Some scholars consider the Cleveland Tara to have been painted around 1260 by Aniko (1245-1306), a legendary Nepalese artist who is remembered as the greatest of his generation (Kossak & Casey Singer, Sacred Visions, 1998, pp.144-6). Aniko was one of the Newari masters invited to Tibet in 1260 by the Sakya hierarch Phags-pa (1235-80) to construct a memorial stupa to Sakya Pandita (1182-1251). The Mongol emperor Khubilai Khan (1215-94) later summoned him to the Chinese court, where he achieved great prominence as the highest artisan-official of the Yuan dynasty. Aniko was described in the court annals as a prolific artist who constructed various temples and created numerous bronze sculptures, paintings, and textiles. Erected in 2002, a statue of Aniko now stands in the Miaoying Temple, Beijing (fig.3). Encouraged by the presumption that some of his works must have survived (and, if so, they must sit among the highest echelons of quality in the corpus of surviving painting and sculpture from the second half of the 13th century), scholars have considered the attribution of his name to several artworks. None enjoy a unanimous consensus; however, the Cleveland Tara has the broadest acceptance of an attribution to Aniko. Considering its close stylistic similarity with the Henss Tara, and that it can be convincingly argued that neither is surpassed in terms of overall quality within their respective mediums, an eventual attribution to Aniko for the Henss Tara may also be appropriate.

Few sculptures can achieve the sensitivity and elegance seen in the present Tara, a pinnacle of Newari artistic expression. The artist has masterfully rendered the fleshiness of the face and torso, the sinuous floral stem intertwined with her arm, as well as the complex jewelry with delicate inlays. Although notably smaller, a gilt bronze figure of Manjushri Namasangiti of the same caliber formerly in the Maitri Collection (fig.4; Bonhams, New York, 20 March 2018, lot 3203), also conveys the consummate quality of Early Malla masterpieces. The detailed rendition of the hands and the subtle flexion of the knuckled fingers are shared by the Henss Tara and the Maitri Namasangiti, as is the sumptuous jewelry inset with semi-precious stones – a distinctive feature of the Early Malla style that is rarely seen in sculptures before the 12th century.
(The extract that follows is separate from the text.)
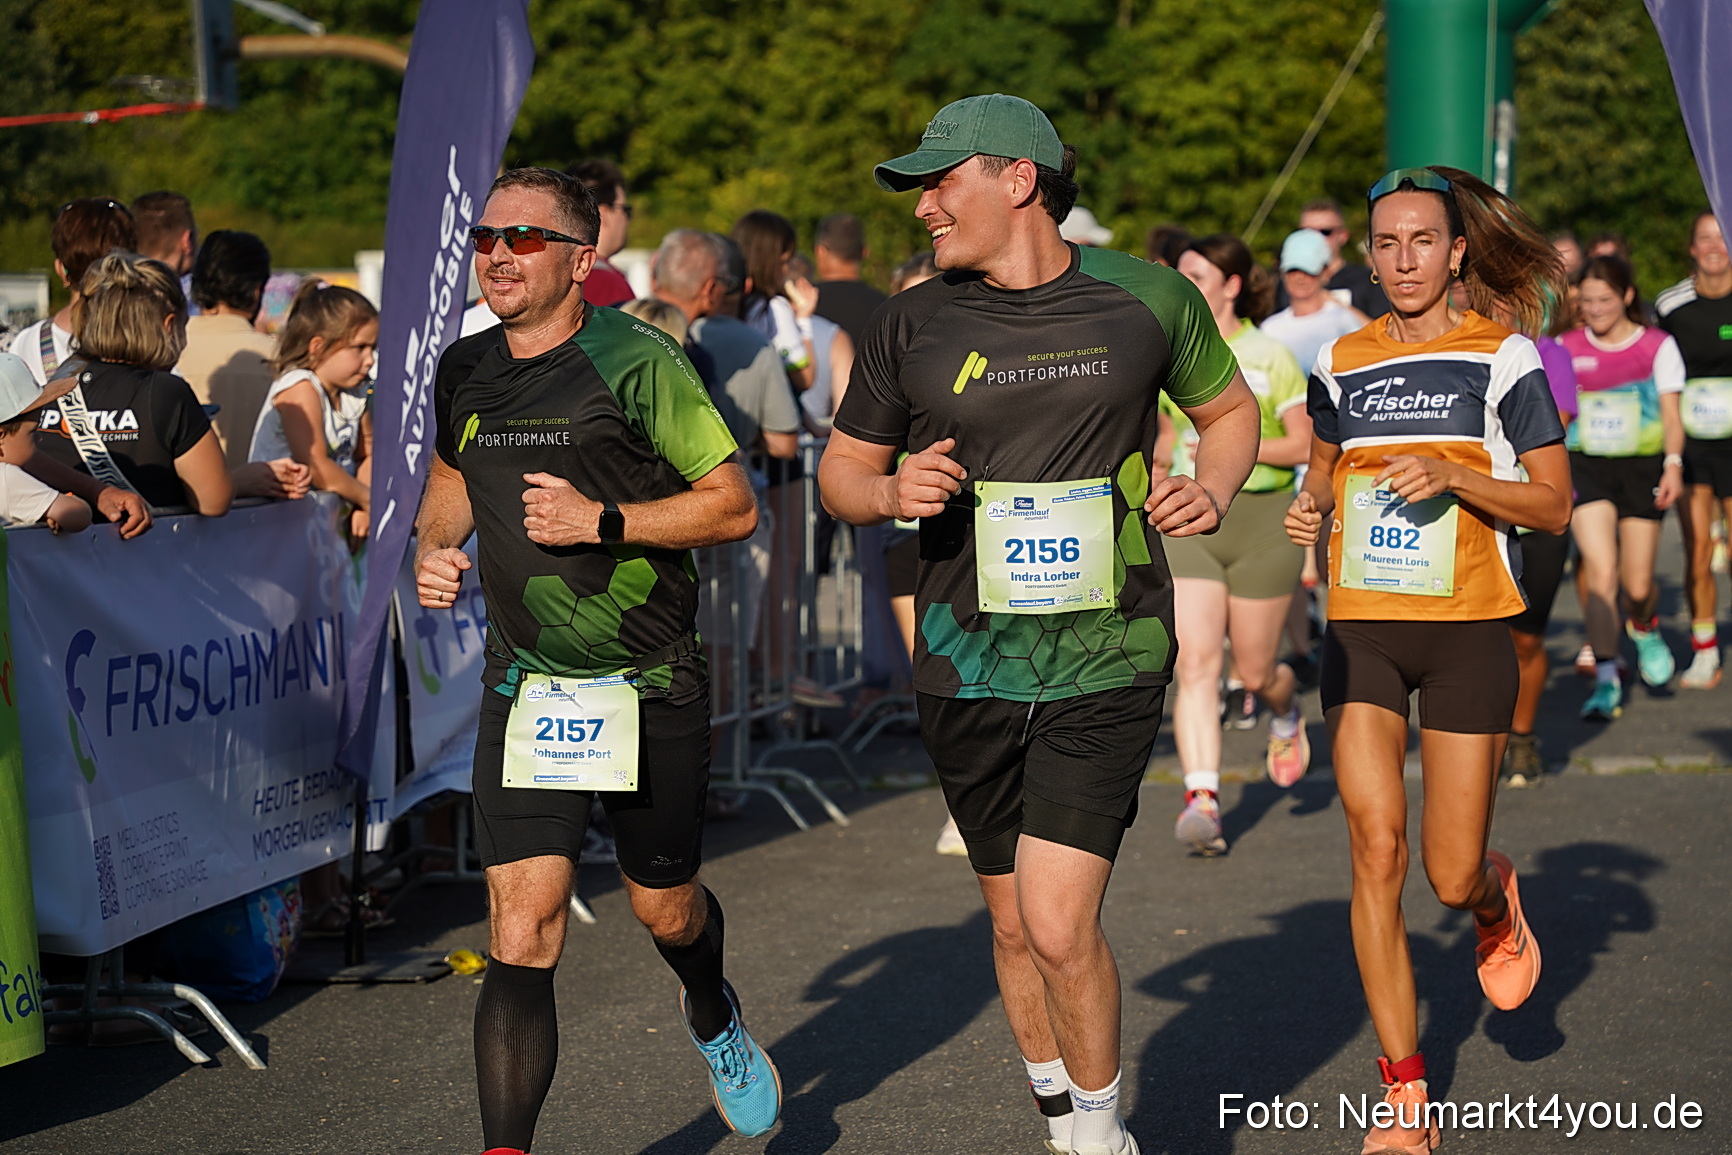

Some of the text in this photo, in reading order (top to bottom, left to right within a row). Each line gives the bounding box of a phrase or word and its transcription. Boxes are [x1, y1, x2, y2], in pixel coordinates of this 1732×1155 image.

On the other hand, a Green Tara also formerly in the Maitri Collection (fig.5; Bonhams, New York, 20 March 2018, lot 3204) serves as a perfect foil for enumerating the superlative qualities of the present version. Comparing the Maitri Tara, one notices the perfect proportions of the Henss Tara, especially with her fuller breasts and slimmer biceps. The softer, feminine contours of her face also stand out. The treatment of the Henss Tara's jewelry is noticeably more refined, as is the more naturalistic rendition of the folds in front of her legs. The comparison helps to further demonstrate the many ways in which the present Tara is a flawless Early Malla Newari masterpiece and is therefore, by extension, one of the finest sculptural representations of the goddess from any style, region, or period.

(Please refer to our printed or digital catalog for the figures listed in this essay.)